What the task requires: Which lines below hold the word "SONY"? Report each one.
=-=-=-=-=
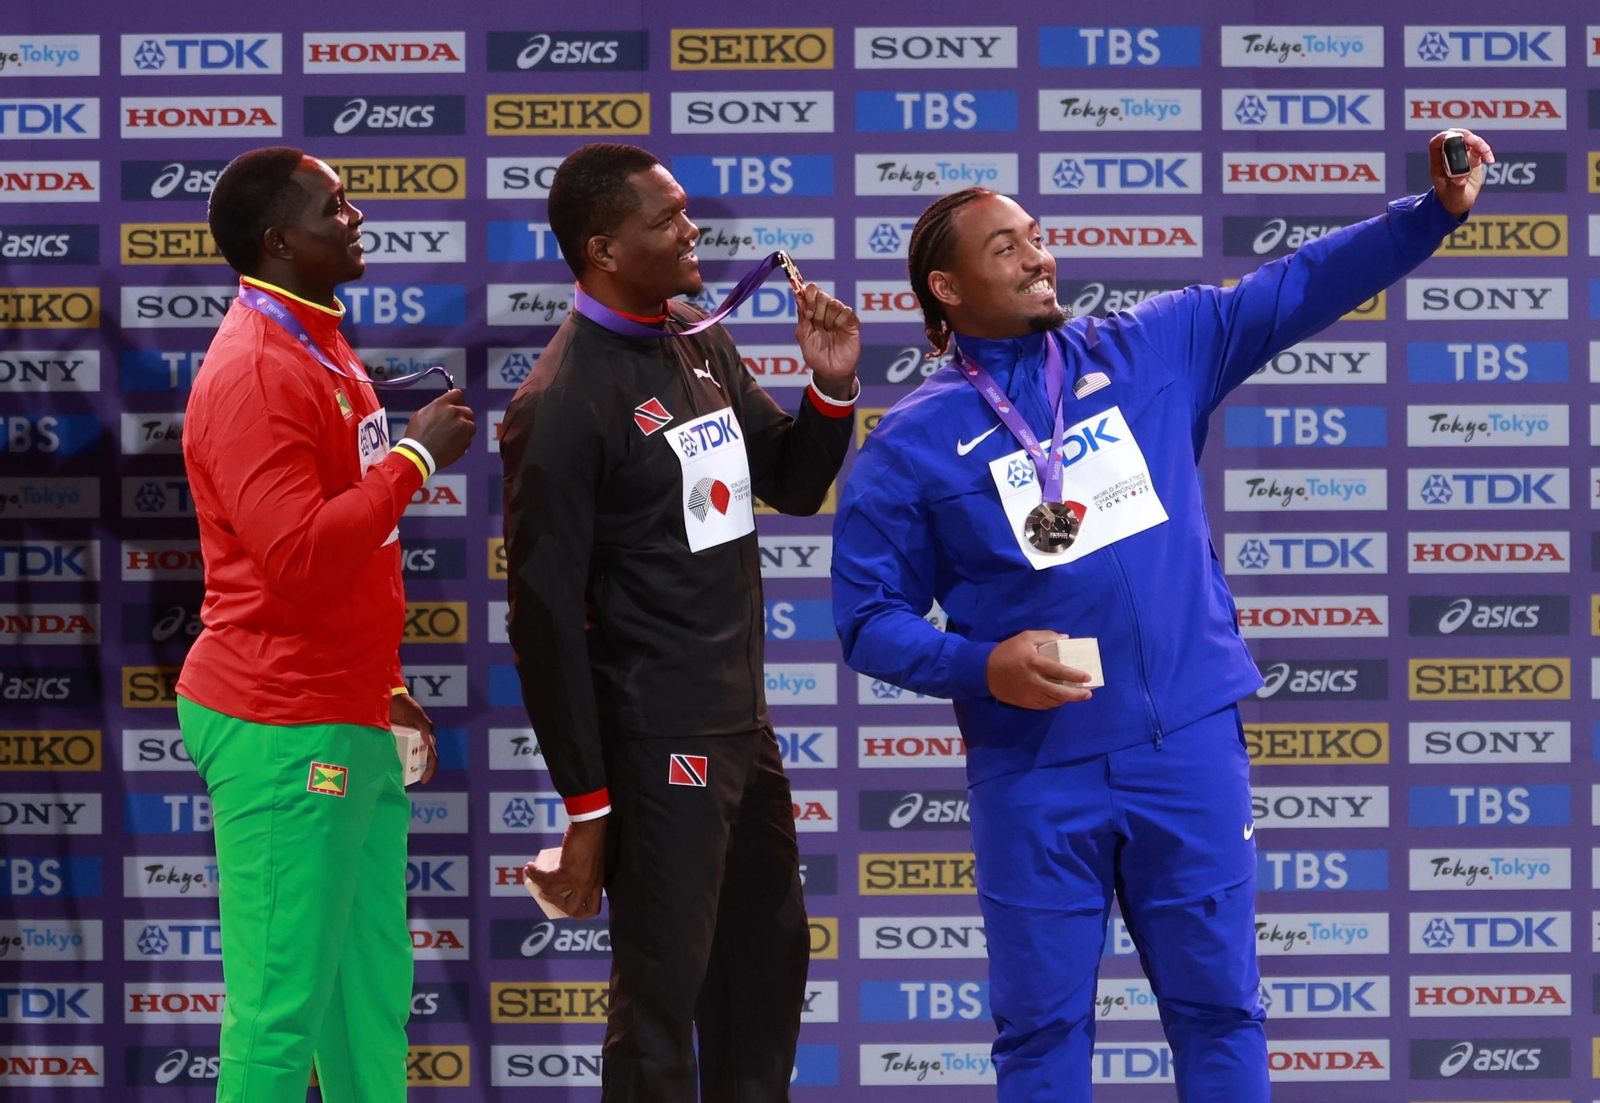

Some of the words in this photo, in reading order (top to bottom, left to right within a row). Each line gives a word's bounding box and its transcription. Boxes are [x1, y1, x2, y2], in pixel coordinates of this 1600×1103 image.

[19, 44, 80, 67] Tokyo
[166, 40, 270, 70] TDK
[310, 44, 460, 62] HONDA
[550, 39, 618, 62] asics
[679, 36, 826, 64] SEIKO
[871, 38, 1001, 59] SONY
[1080, 29, 1160, 65] TBS
[1242, 34, 1302, 62] Tokyo
[1303, 35, 1364, 57] Tokyo
[1450, 32, 1554, 61] TDK
[127, 109, 278, 127] HONDA
[367, 104, 436, 127] asics
[495, 101, 643, 130] SEIKO
[687, 102, 817, 124] SONY
[896, 93, 977, 129] TBS
[1060, 98, 1119, 126] Tokyo
[1120, 98, 1181, 121] Tokyo
[1267, 95, 1371, 124] TDK
[1411, 101, 1561, 119] HONDA
[0, 174, 95, 192] NDA
[341, 166, 460, 195] EIKO
[504, 168, 557, 189] SO
[713, 158, 794, 194] TBS
[877, 162, 936, 190] Tokyo
[937, 163, 998, 185] Tokyo
[1084, 159, 1189, 188] TDK
[1228, 164, 1379, 182] HONDA
[1, 234, 70, 257] asics
[130, 231, 220, 260] SEI
[362, 233, 451, 254] ONY
[753, 227, 814, 250] Tokyo
[1045, 228, 1196, 246] HONDA
[1442, 223, 1561, 252] EIKO
[0, 295, 94, 324] IKO
[138, 298, 230, 319] SON
[346, 288, 427, 324] TBS
[509, 292, 569, 320] Tokyo
[1422, 289, 1552, 311] SONY
[0, 362, 85, 384] ONY
[387, 358, 444, 370] Toky
[1447, 345, 1528, 381] TBS
[0, 418, 61, 454] BS
[365, 415, 388, 450] DK
[690, 413, 739, 452] TDK
[1266, 408, 1347, 444] TBS
[1427, 414, 1487, 442] Tokyo
[1488, 414, 1548, 437] Tokyo
[1026, 417, 1121, 468] DK
[21, 487, 82, 510] Tokyo
[1246, 477, 1305, 505] Tokyo
[1306, 477, 1367, 500] Tokyo
[1452, 475, 1556, 504] TDK
[760, 545, 820, 567] NY
[1270, 538, 1375, 567] TDK
[1413, 544, 1564, 562] HONDA
[0, 617, 97, 635] NDA
[1237, 608, 1382, 626] HONDA
[1470, 604, 1539, 627] asics
[4, 676, 72, 700] asics
[1289, 668, 1357, 691] asics
[1416, 666, 1563, 694] SEIKO
[0, 738, 96, 767] IKO
[140, 740, 191, 762] SO
[864, 736, 965, 754] HON
[1424, 732, 1554, 754] SONY
[0, 805, 87, 827] ONY
[166, 796, 212, 832] TB
[409, 801, 450, 823] kyo
[1449, 788, 1530, 824] TBS
[0, 861, 64, 897] BS
[146, 865, 206, 893] Tokyo
[867, 857, 976, 886] SEIK
[1268, 852, 1349, 888] TBS
[1430, 857, 1489, 885] Tokyo
[1490, 857, 1551, 880] Tokyo
[23, 930, 84, 953] Tokyo
[1309, 921, 1369, 944] Tokyo
[1454, 918, 1558, 947] TDK
[132, 995, 223, 1013] HON
[500, 987, 607, 1016] SEIK
[901, 981, 982, 1017] TBS
[1272, 981, 1377, 1011] TDK
[1415, 987, 1566, 1005] HONDA
[0, 1060, 99, 1078] NDA
[508, 1054, 603, 1075] SON
[881, 1050, 940, 1078] Tokyo
[942, 1050, 993, 1073] Toky
[1267, 1051, 1384, 1069] ONDA
[1472, 1047, 1541, 1070] asics
=-=-=-=-=
Exercise solution:
[871, 38, 1001, 59] SONY
[687, 102, 817, 124] SONY
[1422, 289, 1552, 311] SONY
[1424, 732, 1554, 754] SONY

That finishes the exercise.